Tout au long de l’histoire, mes ancêtres, ma famille, mes ami·e·s et d’autres membres de la communauté vietnamienne ont été confronté·e·s à d’immenses défis, qu’il s’agisse d’endurer une série de guerres et de déplacements forcés ou de surmonter les dures réalités de la colonisation et de l’impérialisme. Le 30 avril 1975, les derniers avions et hélicoptères américains ont quitté Saïgon, laissant coincé derrière eux de nombreuses personnes alors que le régime communiste nord-vietnamien prenait le contrôle du Vietnam du Sud. Cette prise de contrôle a marqué le début d’une ère difficile. Sous le nouveau gouvernement, les gens ont dû faire face à des conditions difficiles : leurs terres et leurs entreprises ont été saisies et les autorités ont placé des intellectuel·le·s, des soldat·e·s, des dirigeant·e·s et des activistes dans des camps de « rééducation » marqués par le travail forcé, la maladie et la mort[ii]. Des familles ont été séparées, des biens ont été volés et la démocratie a été perdue.

Par la suite, en quête de liberté et de droits de la personne, j’ai entendu d’innombrables histoires de personnes courageuses et de leurs familles. Elles ont entrepris des voyages périlleux, vendu leur or et leurs biens pour obtenir une précieuse place sur un bateau de pêche surchargé, fui leur pays d’origine au milieu de la nuit, avec rien d’autre que les vêtements qu’elles portaient sur the dos. On les appelait les « réfugié·e·s de la mer ». Entre 1975 et 1995, environ 800 000 à 1 million de Vietnamien·ne·s ont fui le pays[iii]. Leurs voyages étaient parsemés de dangers, d’attaques de pirates, de famine et de mort.

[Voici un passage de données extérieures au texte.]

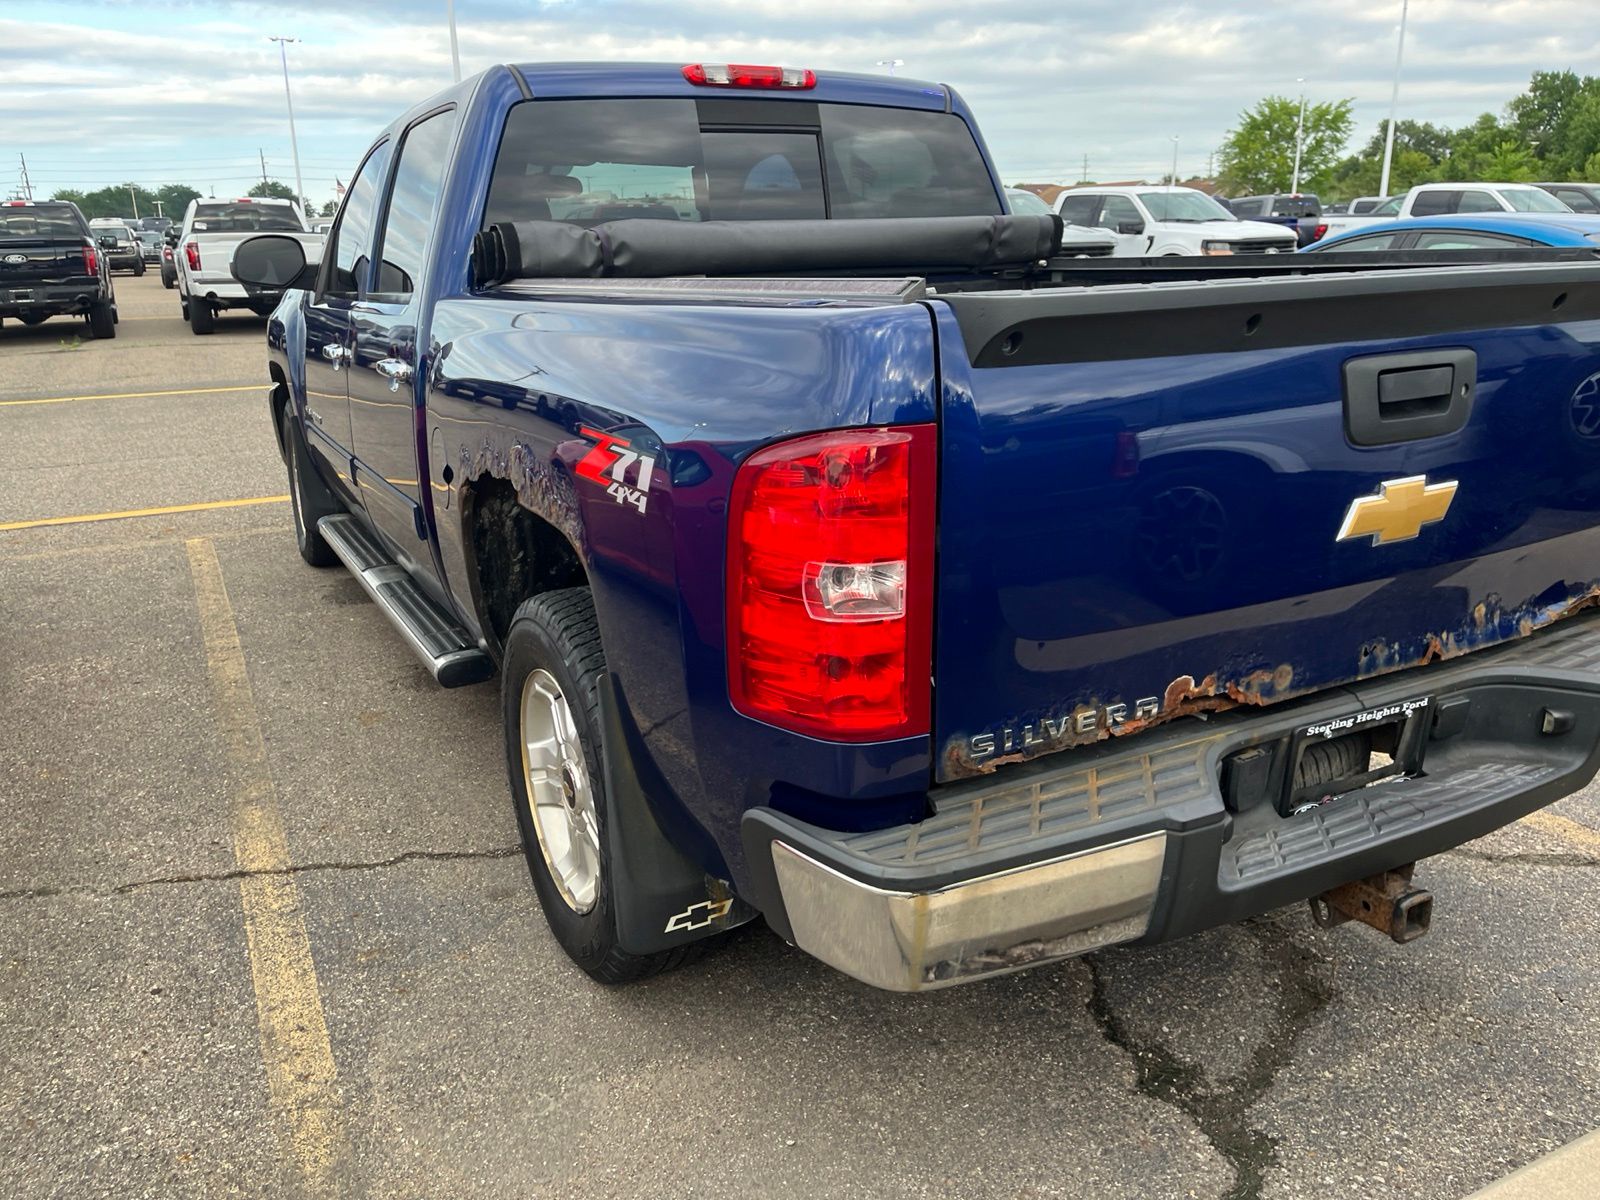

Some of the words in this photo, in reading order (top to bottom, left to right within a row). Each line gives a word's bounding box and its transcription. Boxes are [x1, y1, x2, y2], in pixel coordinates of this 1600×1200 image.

[576, 427, 655, 493] Z71
[970, 695, 1159, 758] SILVERA
[1306, 718, 1354, 736] Sterling
[1355, 706, 1400, 724] Heights
[1401, 697, 1429, 712] Ford

Ils·Elles ont cherché refuge dans des camps surpeuplés à travers l’Asie du Sud-Est : en Malaisie, en Thaïlande, à Hong Kong, en Indonésie et aux Philippines.

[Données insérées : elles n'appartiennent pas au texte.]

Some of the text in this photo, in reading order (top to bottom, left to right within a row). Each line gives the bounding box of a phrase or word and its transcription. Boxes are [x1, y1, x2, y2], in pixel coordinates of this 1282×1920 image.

Le monde entier a assisté à la scène avec horreur. À la suite d’un appel urgent à l’action lancé par les Nations Unies, les pays occidentaux ont pris des mesures collectives[iv]. Le Canada est l’un des pays qui a répondu à l’appel et a joué un rôle important dans la résolution de cette crise. Entre 1979 et 1985, le Canada a accueilli environ 110 000 réfugié·e·s.

La réinstallation des réfugié·e·s a été rendue possible par les efforts inlassables des Canadien·ne·s qui ont ressenti le besoin d’aider, grâce à la mise en place par le gouvernement du Canada, en 1979, du Programme de parrainage privé. Le gouvernement canadien s’est engagé à parrainer un·e réfugié·e pour chaque réfugié·e que le public canadien soutiendrait à titre privé[v]. Cette approche a permis aux citoyen·ne·s ordinaires de s’impliquer directement dans la réinstallation des réfugié·e·s. Des groupes ethniques, des communautés religieuses, des voisin·e·s, des familles et d’autres associations bienveillantes se sont mobilisés pour collecter des fonds et soutenir les personnes ou les familles parrainées au cours de leur première année au Canada. Le Programme de parrainage privé est depuis devenu un modèle pour d’autres pays dans le monde, démontrant comment les citoyen·ne·s peuvent jouer un rôle crucial dans la réinstallation des réfugié·e·s.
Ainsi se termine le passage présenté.